D’après les informations recueillies, plusieurs options seraient envisagées. Certains jeunes évoqueraient la possibilité de profiter de la marche de l’opposition prévue le 3 juin pour faire connaître leurs préoccupations, tandis que d’autres privilégieraient une initiative distincte à une date ultérieure afin de démontrer leur mobilisation.

Un retour qui ravive des controverses passées

Le magistrat Makwanza et le procureur Émile Ndjale avaient déjà fait l’objet de critiques de la part d’une frange de la population locale concernant leur gestion de certains dossiers judiciaires. À l’époque, plusieurs accusations avaient été formulées à leur encontre par des citoyens et des organisations locales.

Ces allégations portaient notamment sur de supposés abus dans l’exercice de leurs fonctions ainsi que sur des comportements jugés incompatibles avec leurs responsabilités. Toutefois, il convient de rappeler que ces accusations relèvent des dénonciations faites par leurs détracteurs et qu’elles n’ont pas nécessairement fait l’objet de décisions judiciaires définitives établissant leur responsabilité.

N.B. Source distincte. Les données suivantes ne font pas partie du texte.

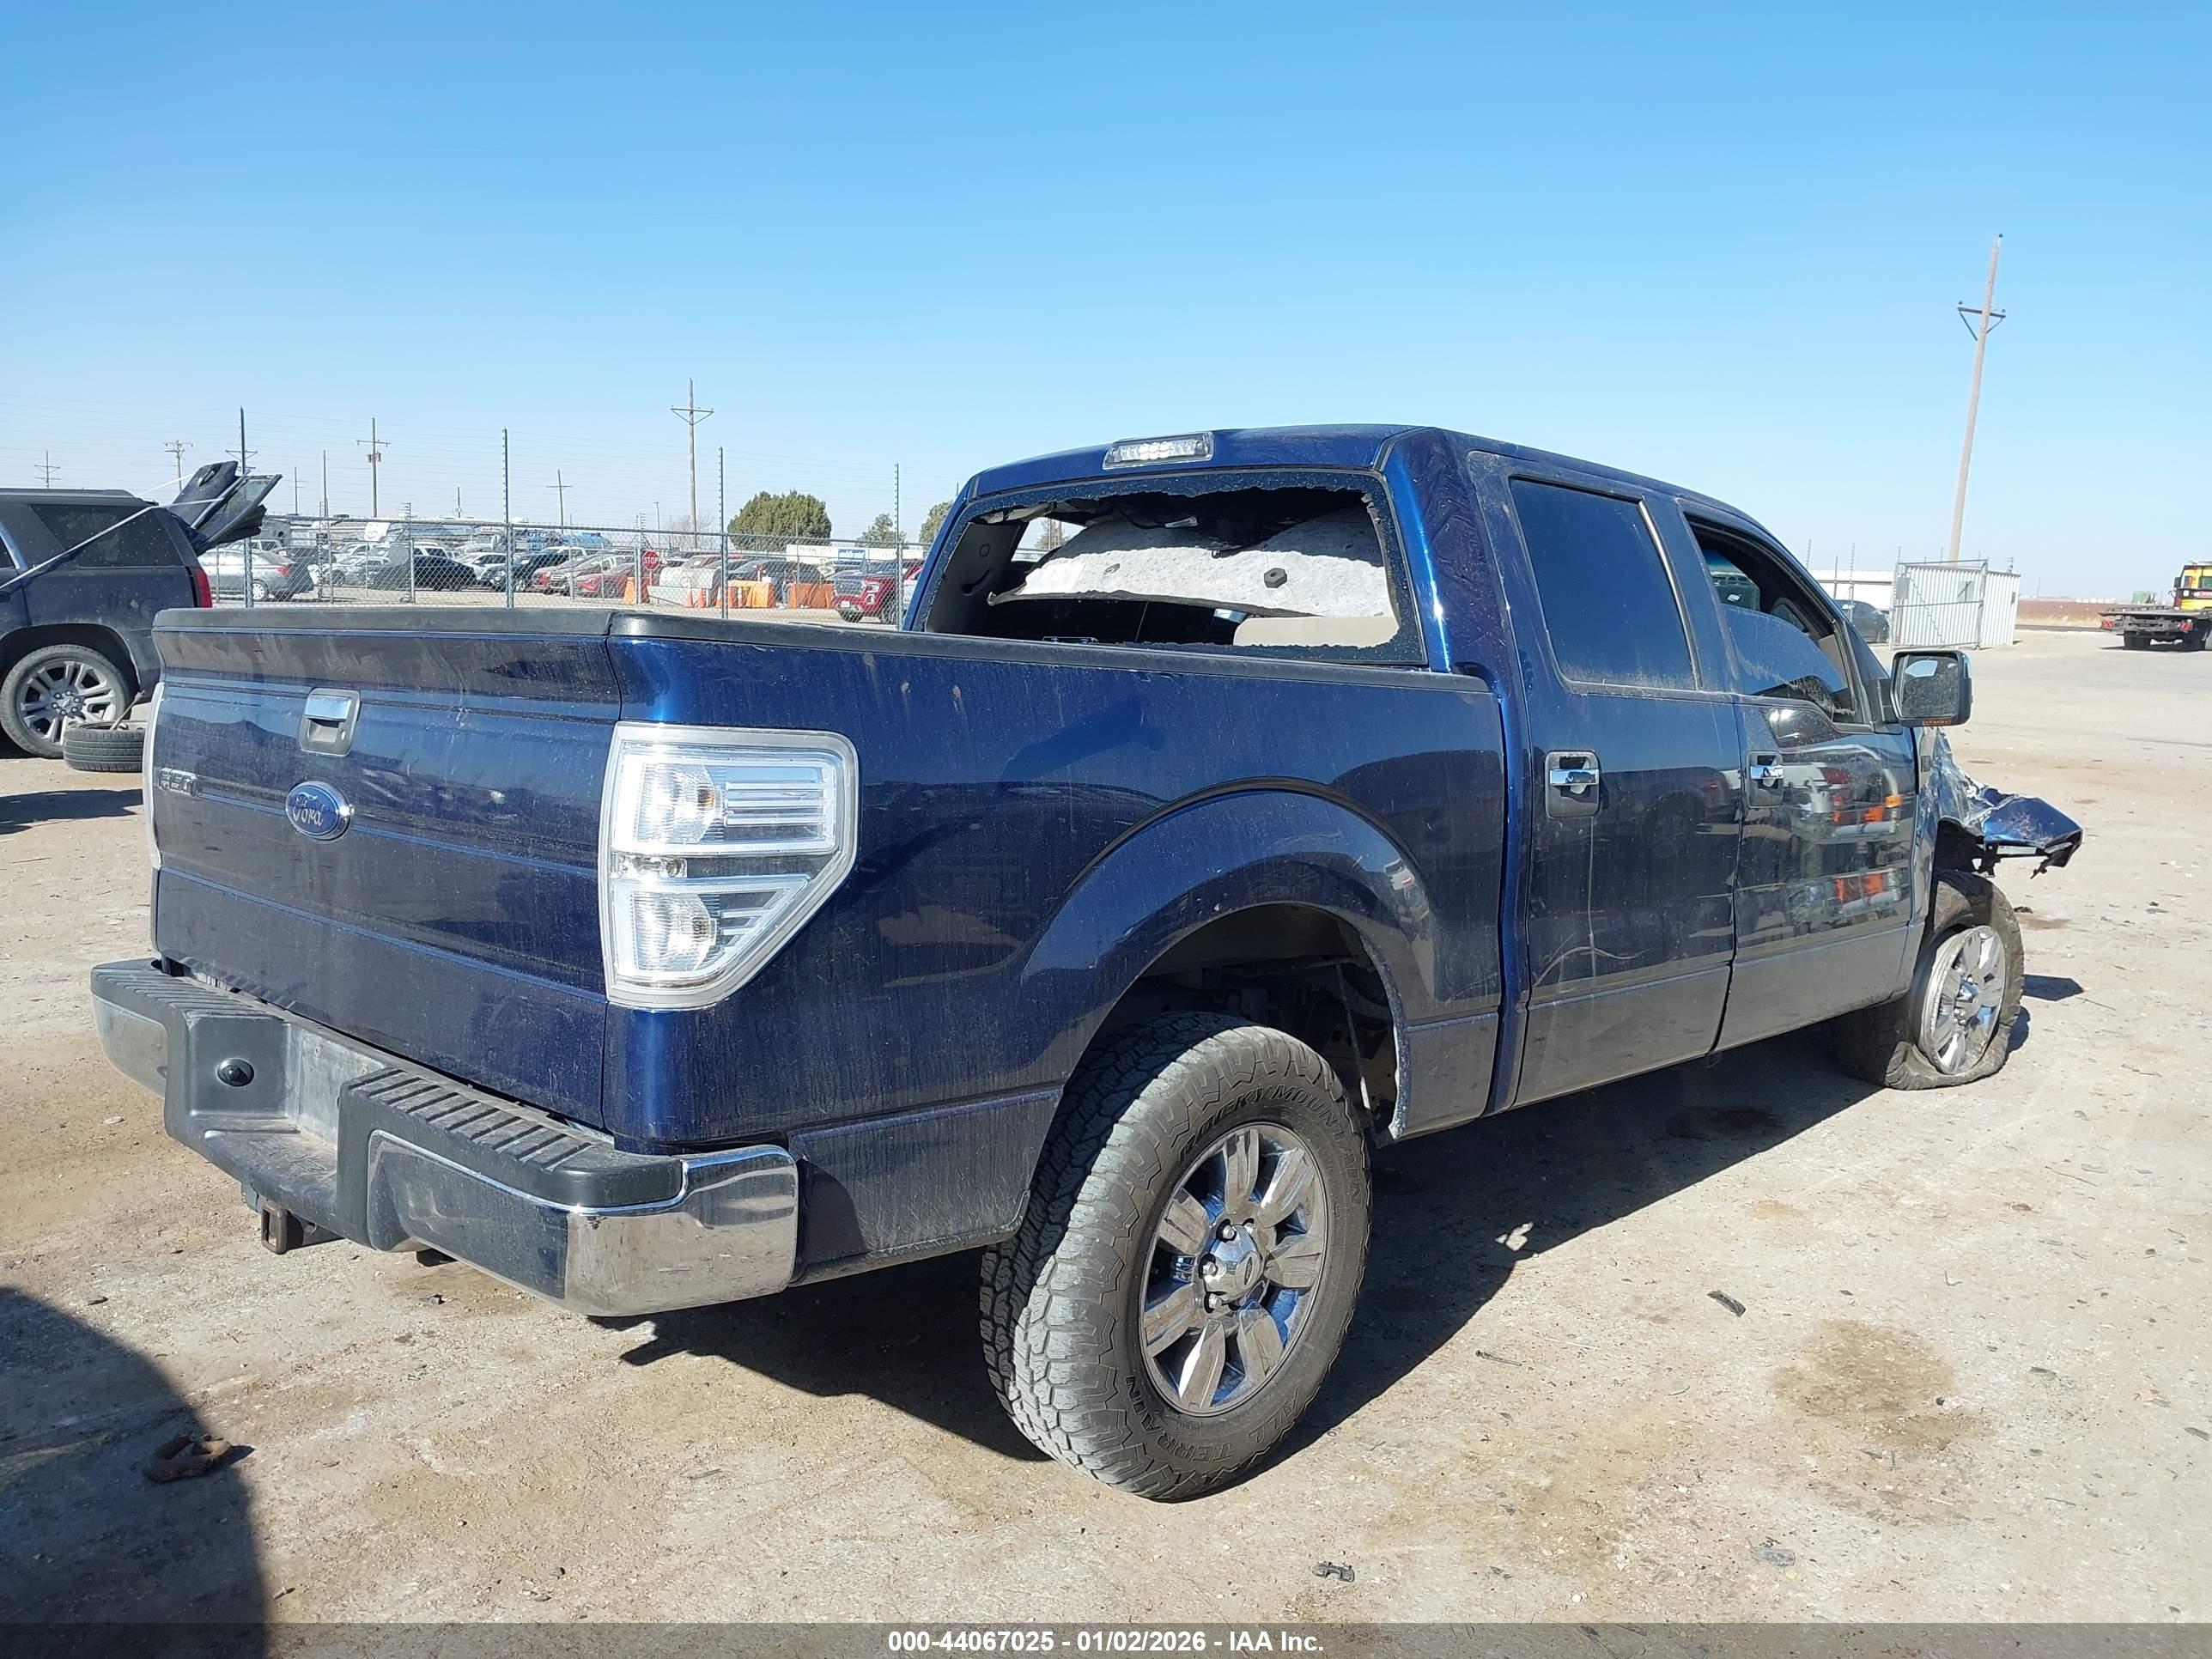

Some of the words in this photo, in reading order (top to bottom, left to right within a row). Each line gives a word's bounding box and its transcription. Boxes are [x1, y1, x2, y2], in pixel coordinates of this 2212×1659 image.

[292, 792, 325, 826] Ford
[1270, 1085, 1363, 1206] MOUNTAIN
[1126, 1376, 1233, 1462] TERRAIN
[1247, 1387, 1300, 1445] ALL
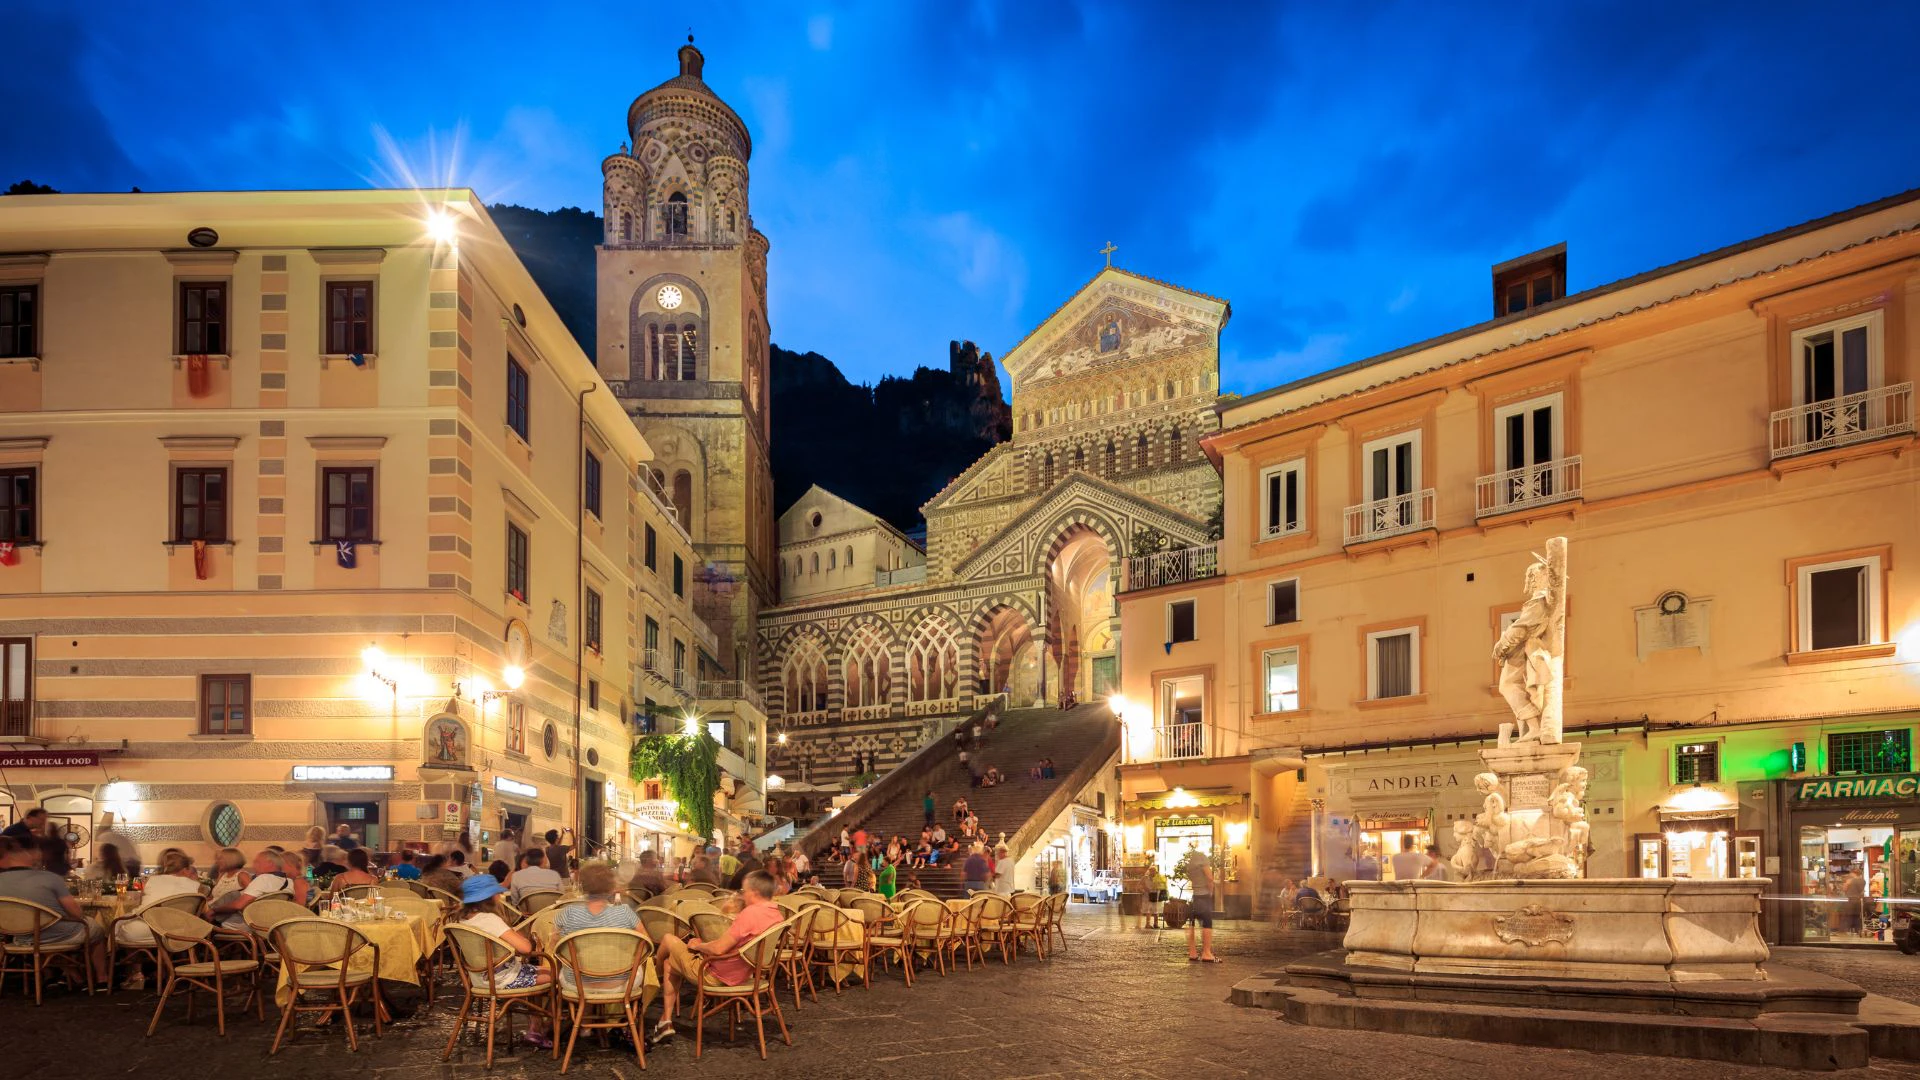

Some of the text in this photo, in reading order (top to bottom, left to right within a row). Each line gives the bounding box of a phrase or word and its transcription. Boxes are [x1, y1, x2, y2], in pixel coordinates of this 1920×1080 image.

[29, 758, 63, 766] TYPICAL
[66, 757, 91, 765] FOOD
[1369, 773, 1458, 790] ANDREA
[1840, 809, 1900, 822] Medaglia

En juillet 2025, un mouvement de contestation populaire avait conduit à une forte tension dans la ville de Kenge, poussant les deux magistrats à quitter temporairement leur poste.

Entre interrogations et attentes

L’éventualité de leur retour suscite aujourd’hui diverses interrogations au sein de la population. Certains habitants estiment que cette décision risque de raviver des tensions encore présentes, tandis que d’autres appellent au respect des procédures administratives et judiciaires en vigueur.

Dans ce contexte, plusieurs observateurs plaident pour l’apaisement et le dialogue afin d’éviter toute escalade et de garantir le maintien de l’ordre public. Les autorités compétentes sont également attendues sur leur capacité à gérer cette situation avec sérénité et dans le respect de l’État de droit.

Alors que les spéculations se multiplient, l’attention reste désormais tournée vers les prochaines décisions administratives et les réactions qu’elles pourraient susciter au sein de la population de Kenge.